In order to maintain the greatest compatibility possible with existing programs, networks, and device drivers, FAT32 was implemented with as little change as possible to Windows's existing architecture, internal data structures, Application Programming Interfaces (APIs), and on-disk format. However, because 4 bytes are now required to store cluster values. Existing tools and drivers should continue to work on FAT32 drives. However, MS-DOS block device drivers (for example, ASPIDISK.SYS) and disk tools need to be revised to support FAT32 drives.
All of Microsoft's bundled disk tools (Format, FDISK, Defrag, and MS-DOS- based and Windows-based Scandisk) have been revised to work with FAT32. A FAT32 volume cannot be compressed using Microsoft DriveSpace or DriveSpace.
For most users, FAT32 has a negligible performance impact. Some applications may see a slight performance gain from FAT32. In other applications, particularly those heavily dependent on large sequential write operations, FAT32 may result in modest performance degradation.
If you have more clusters on your hard drive, the slower the performance. This is true for any file system, FAT16, FAT32, NTFS, and HPFS. However, since FAT32 allows for many more clusters on a single partition than FAT16, the effect may be noticeable. Disk utilities are especially affected as there are more clusters in the partition. For instance, the closer to 8GB your partition gets, the more 4K clusters, and the slower the performance.
FAT32 uses the disk cache (Vcache) more efficiently by allowing the memory manager to map directly into memory portions of an application that is in the disk cache.
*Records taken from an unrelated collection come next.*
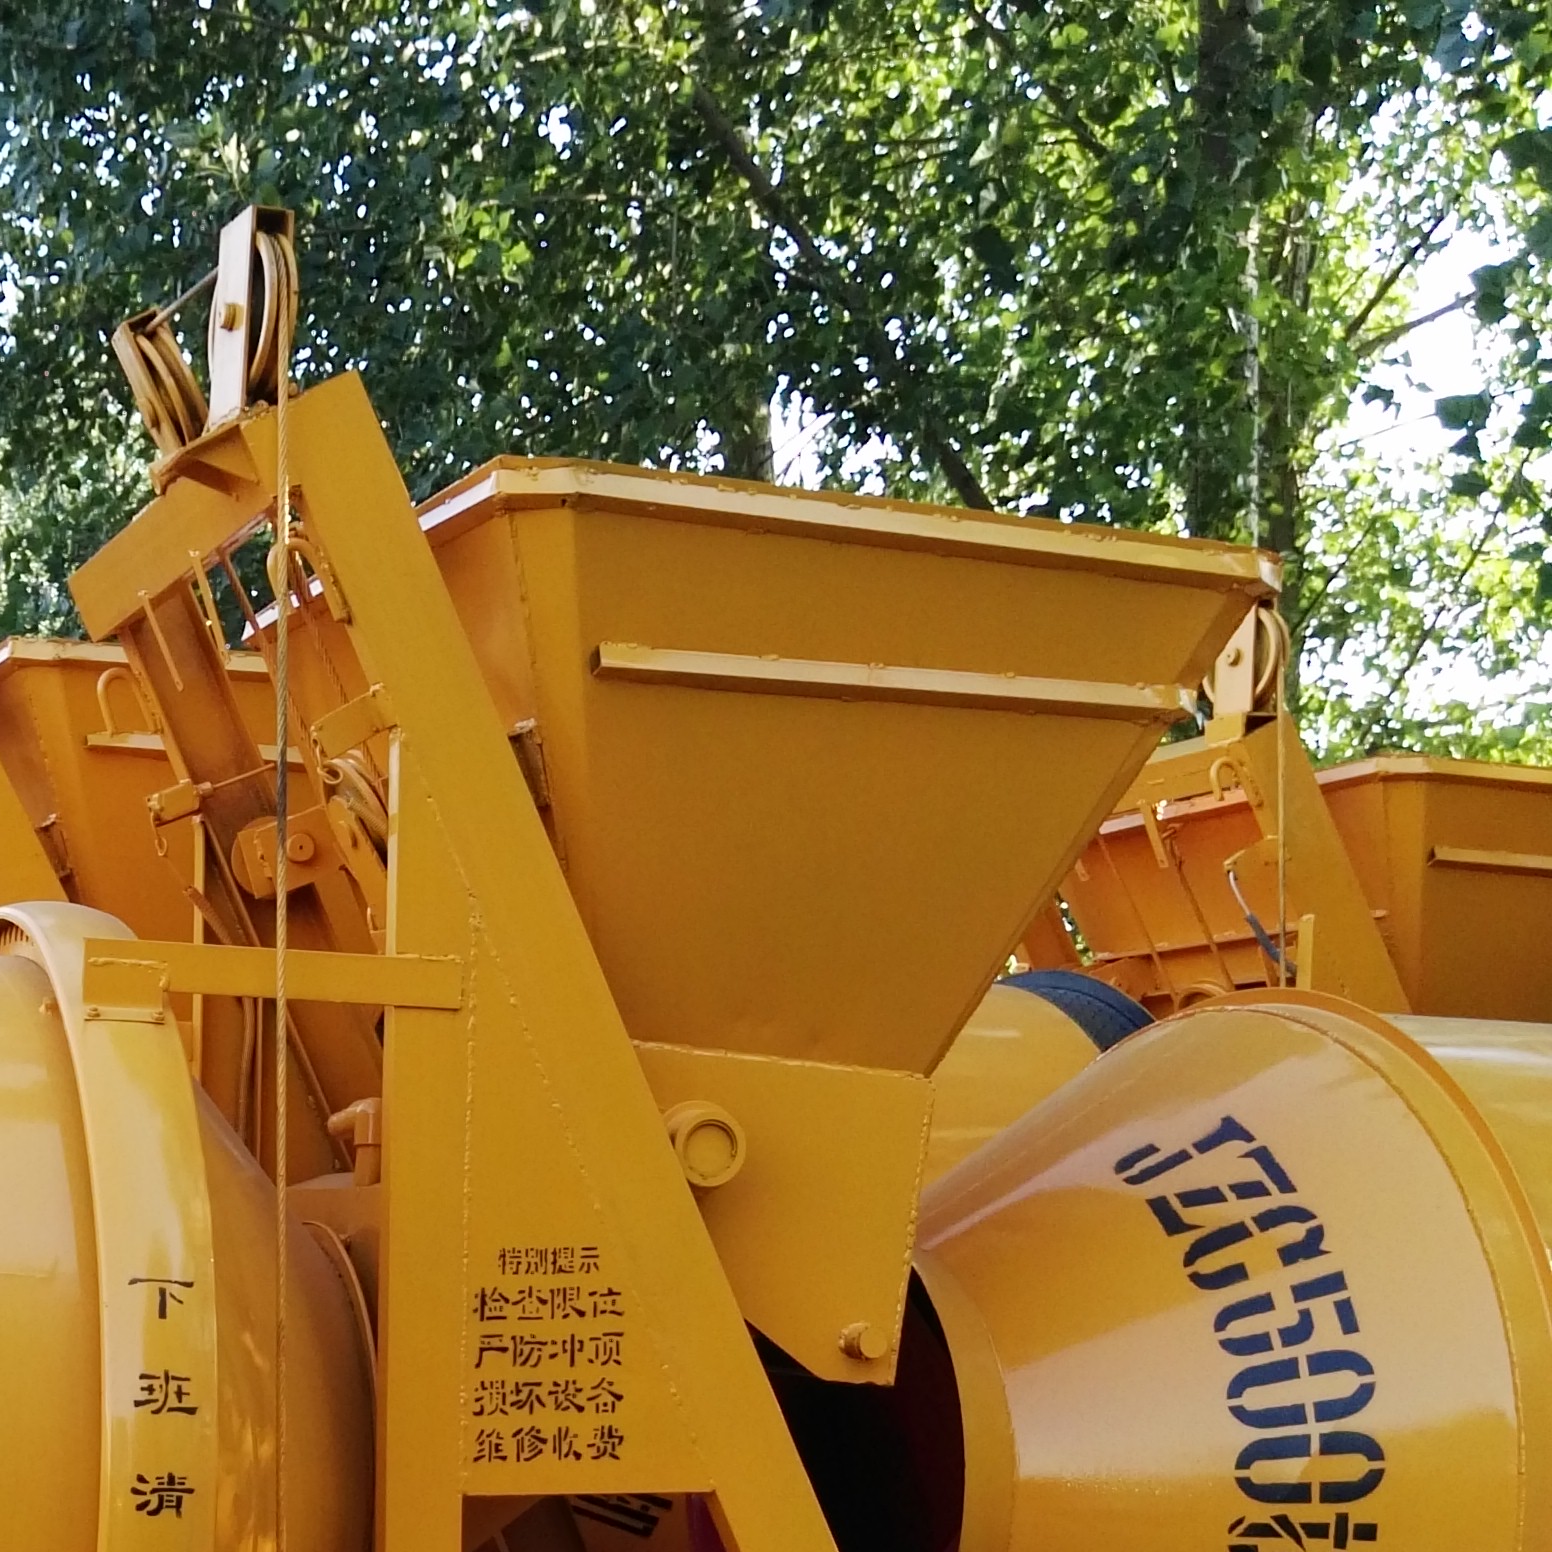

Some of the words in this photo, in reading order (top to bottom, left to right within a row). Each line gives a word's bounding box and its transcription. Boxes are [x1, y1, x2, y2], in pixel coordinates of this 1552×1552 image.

[498, 1247, 600, 1275] 特别提示
[472, 1286, 625, 1322] 检查限位
[474, 1332, 625, 1368] 严防冲顶
[472, 1377, 624, 1417] 损坏设备
[472, 1425, 625, 1463] 维修收费
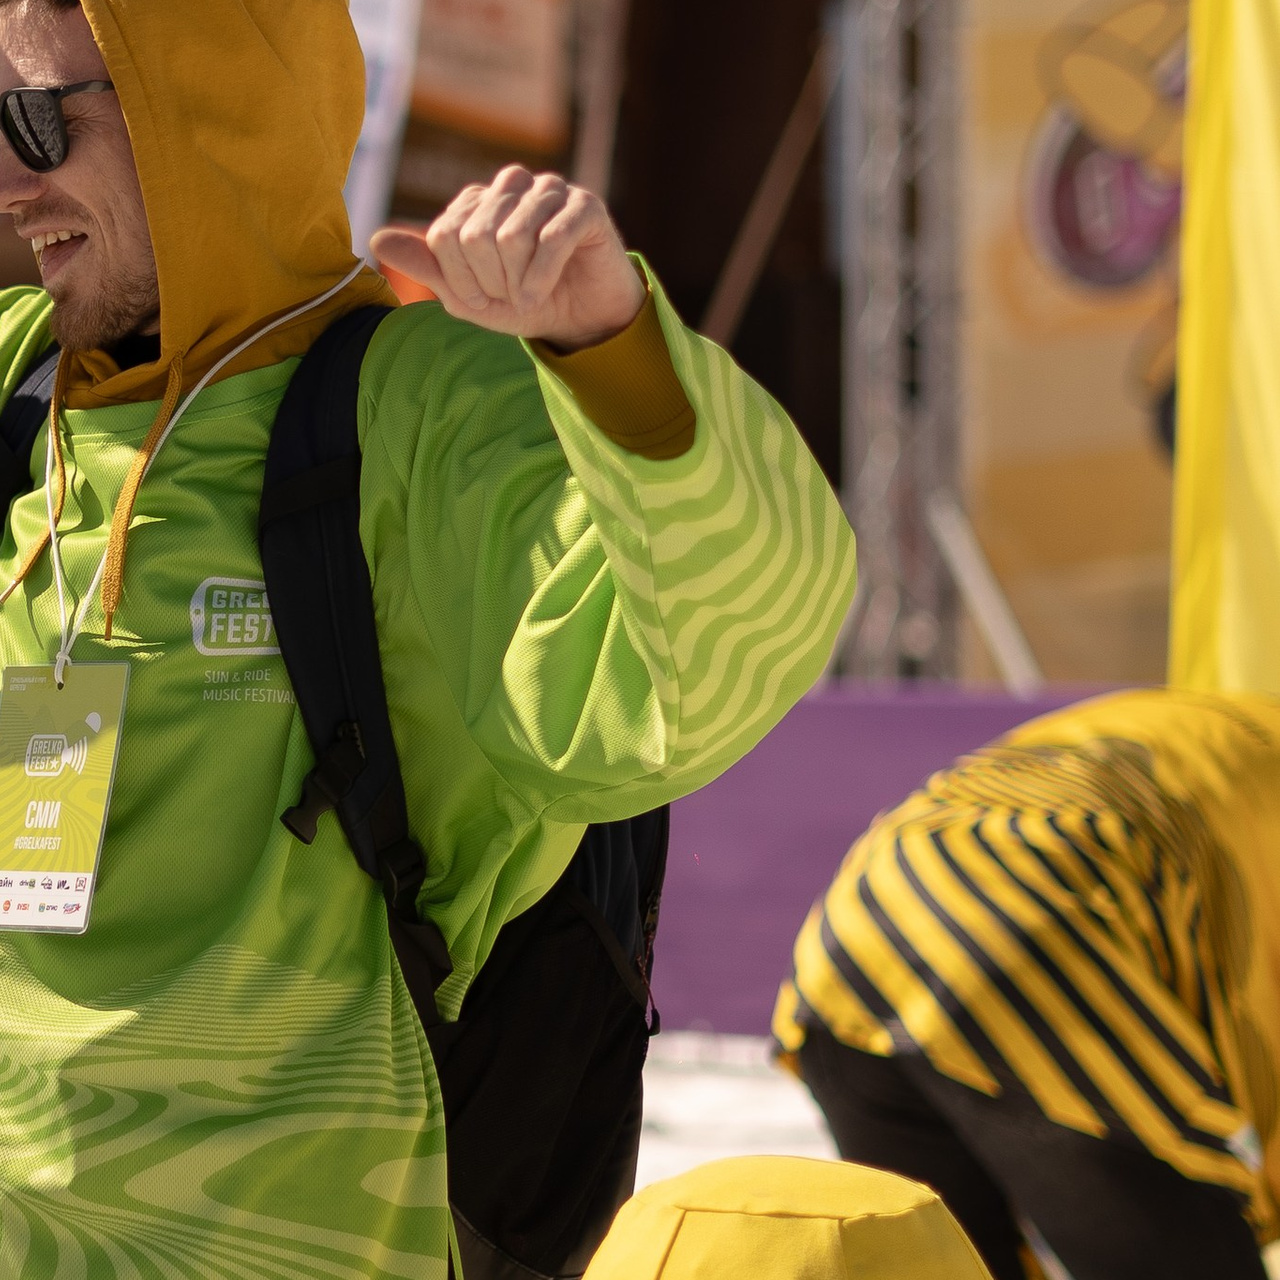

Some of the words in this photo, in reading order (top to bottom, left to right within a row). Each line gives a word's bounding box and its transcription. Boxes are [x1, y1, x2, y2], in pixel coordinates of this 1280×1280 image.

[210, 613, 273, 643] FEST
[204, 670, 229, 684] SUN
[231, 672, 241, 682] &
[243, 668, 271, 681] RIDE
[203, 688, 242, 701] MUSIC
[244, 688, 295, 704] FESTIVAL
[31, 740, 63, 755] GRELKA
[29, 756, 51, 770] FEST
[25, 801, 61, 829] СМИ
[14, 836, 62, 850] #GRELKAFEST
This process eliminates an additional memory copy of the mapped portions of the application. This feature is only available on FAT32 volumes.
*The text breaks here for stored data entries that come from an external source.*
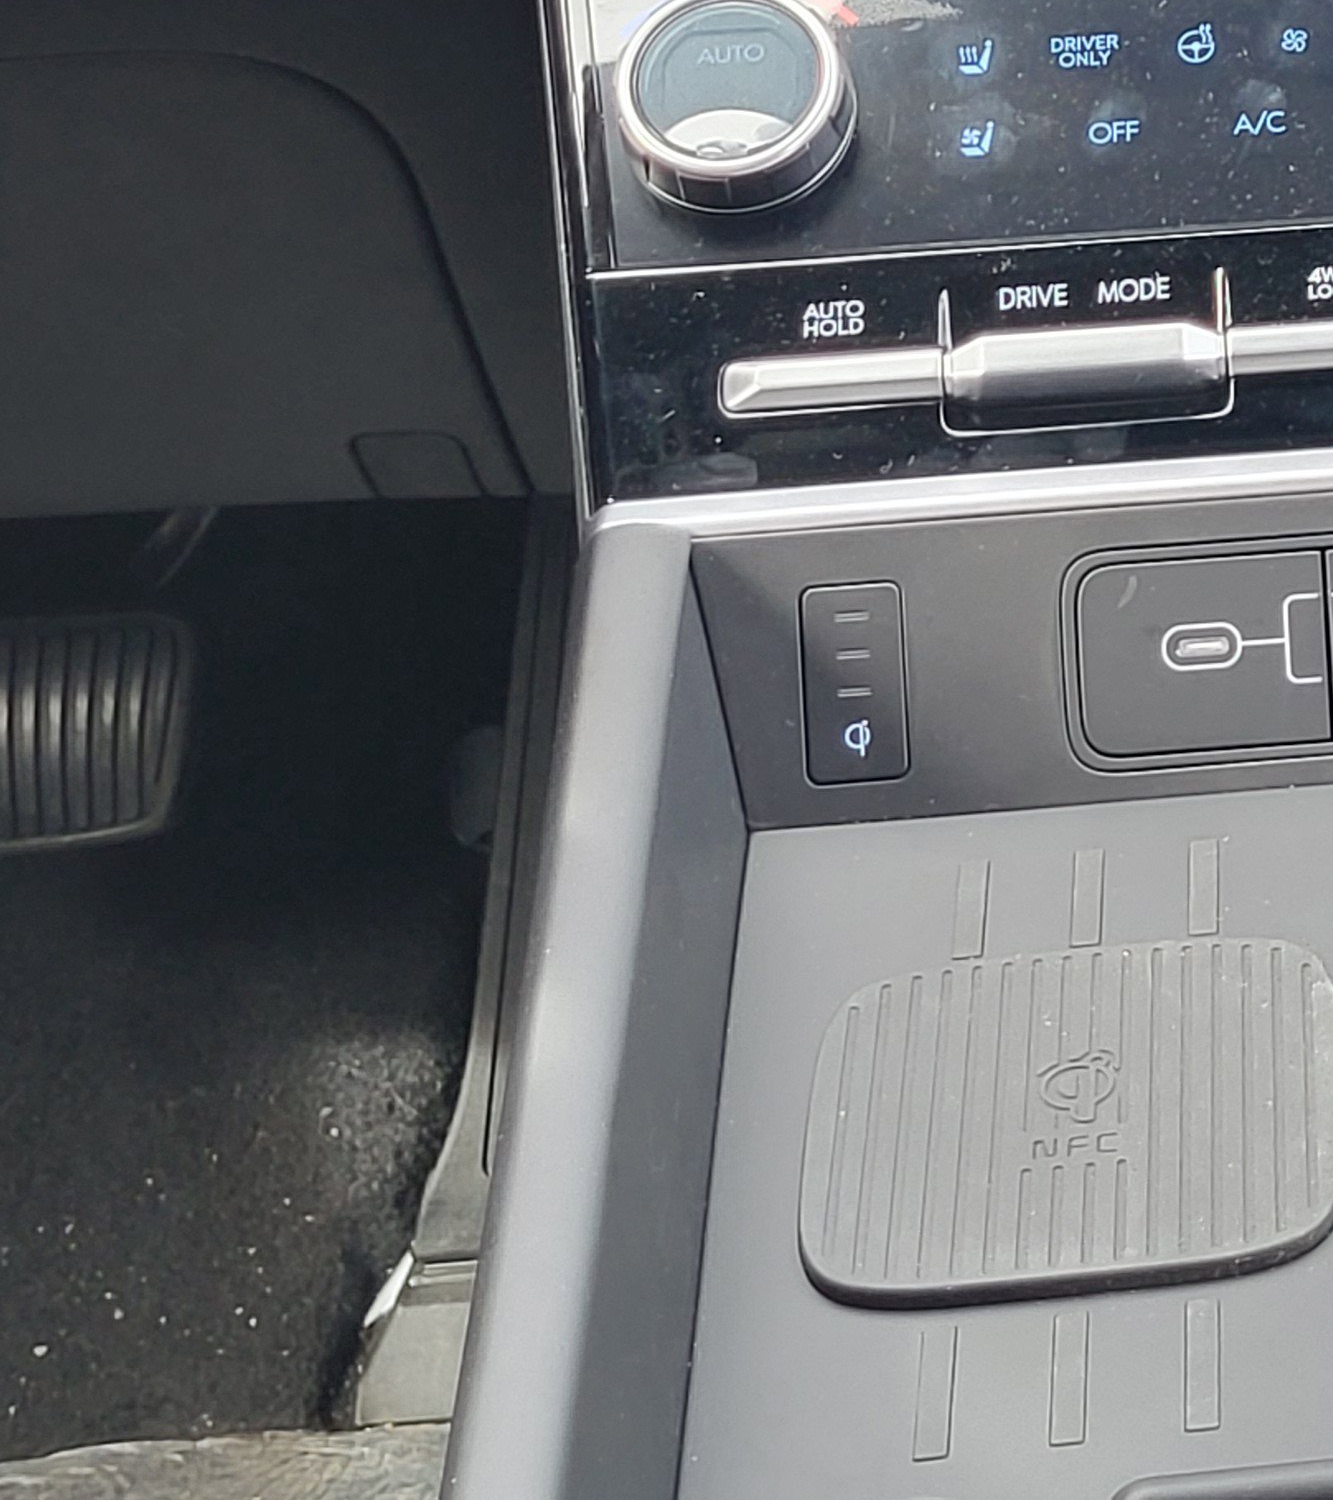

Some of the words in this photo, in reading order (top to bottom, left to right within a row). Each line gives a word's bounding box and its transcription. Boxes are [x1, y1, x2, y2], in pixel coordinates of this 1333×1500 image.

[697, 43, 765, 65] AUTO
[1050, 34, 1120, 54] DRIVER
[1058, 50, 1112, 68] ONLY
[1088, 120, 1141, 144] OFF
[1232, 110, 1288, 136] A/C
[999, 283, 1069, 311] DRIVE
[1097, 276, 1171, 304] MODE
[803, 300, 866, 320] AUTO
[803, 318, 866, 338] HOLD
[1032, 1131, 1118, 1160] NFC
FAT32 allows the memory manager to write pageable data very efficiently to the swap file while a system is idle. This feature is only available on FAT32 volumes and volumes with cluster sizes greater than 4K.
Because of the compatibility considerations described above, the implementation of FAT32 involved very little change to Windows 95. The Major differences between FAT32 and earlier implementations of FAT are as follows:
Two new partition types are defined: OxB and OxC. Both indicate FAT32 volumes; type OxC indicates a FAT32 partition that requires extended INTI3 support (LBA).
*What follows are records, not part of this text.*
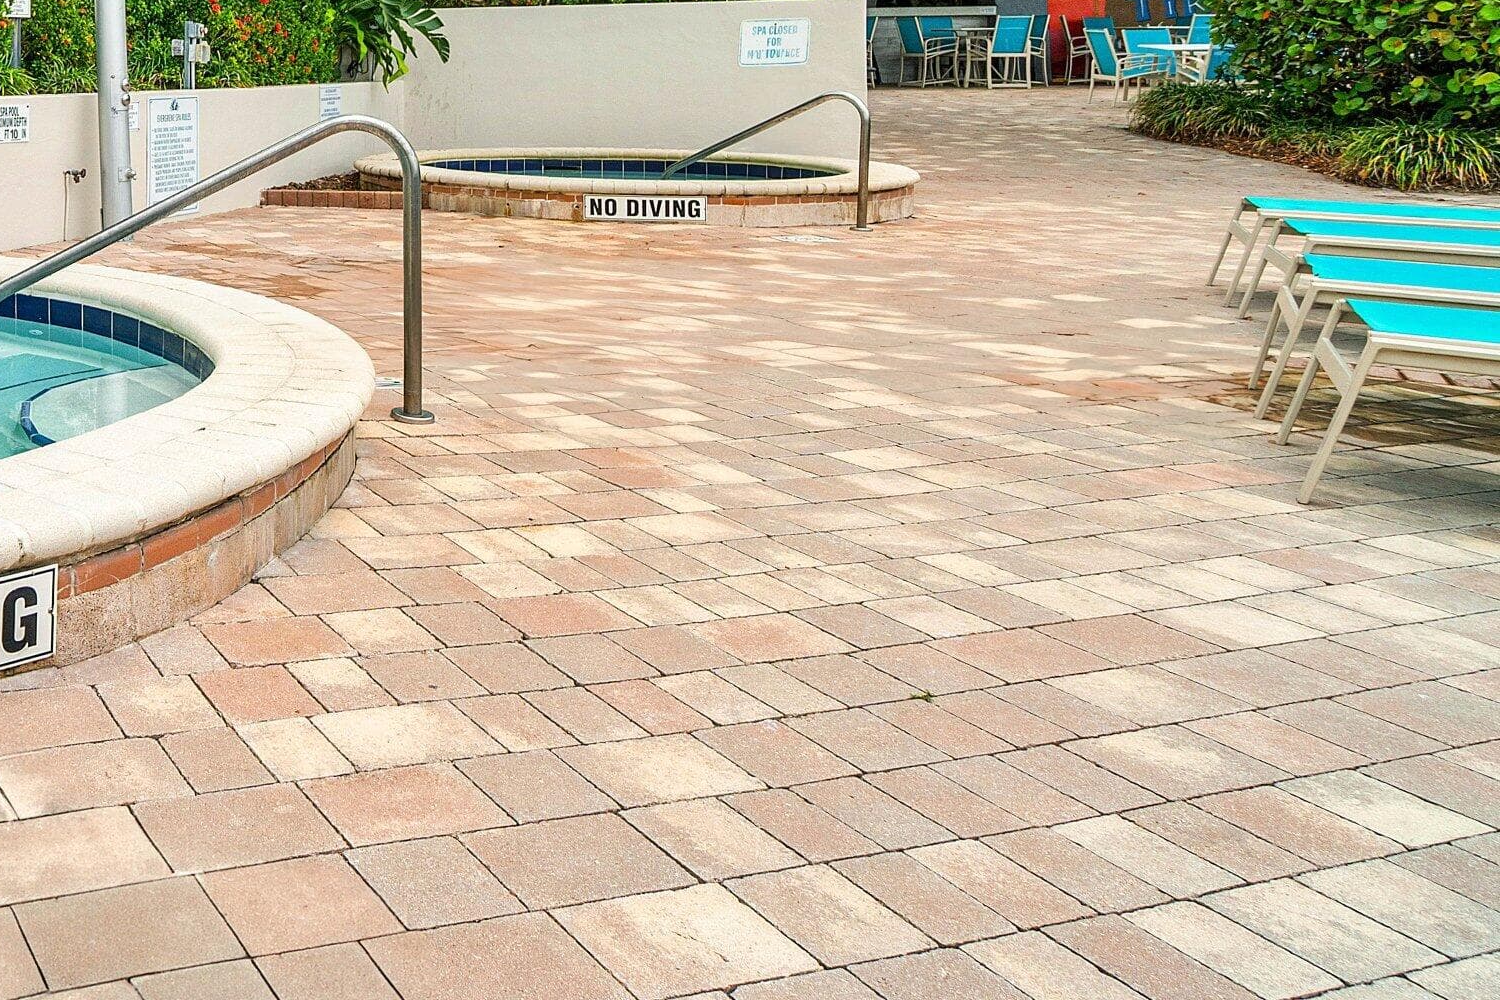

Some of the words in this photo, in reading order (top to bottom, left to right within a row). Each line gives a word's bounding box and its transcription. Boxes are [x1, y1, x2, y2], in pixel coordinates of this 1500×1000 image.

[752, 26, 766, 35] SPA
[769, 26, 798, 35] CLOSED
[767, 38, 781, 46] FOR
[0, 106, 8, 117] SPA
[9, 106, 20, 117] POOL
[14, 116, 28, 127] DEPTH
[4, 129, 10, 140] FT
[10, 129, 19, 139] 10
[590, 198, 617, 216] NO
[626, 199, 701, 218] DIVING
The boot record on FAT32 drives requires 2 sectors (due to expansion and addition of fields within the BPB). As a result, the number of reserved sectors on FAT32 drives is higher than on FAT16, typically 32. This expanded reserved area allows two complete copies of the boot record to be stored there, as well as a sector in which free space count and other file system information is stored.
The FAT is now larger, because each entry now takes up 4 bytes and there are typically many more clusters than on FAT16 drives.
The root directory is no longer stored in a fixed location. A pointer to the starting cluster of the root directory is stored in the extended BPB. The on-disk format directory entries is unchanged, except that the two bytes previously reserved for Extended Attributes now contain the high order word of the starting cluster number.
Win32 APls are not affected by FAT32, with the exception of one additional API called GetFreeSpaceEx() for determining the true free space on a FAT32 volume.
Creating FAT32 Drives
In OSR2 and Windows 98, if you run the FDISK tool on a system with a drive over 512 MB, it asks whether to enable large disk support. If you answer Yes, any partition you create that is larger than 512 MB is marked as a FAT32 partition.
Windows 98 also includes a FAT32 conversion tool that you can use to convert an existing drive to the FAT32 file system. To use the conversion tool, follow these steps:
- Click Start, point to Programs, point to Accessories, point to System Tools, and then click Drive Converter (FAT32).
- Click Next.
- Click the drive you want to convert to the FAT32 file system, and then click Next.
- Follow the instructions on the screen.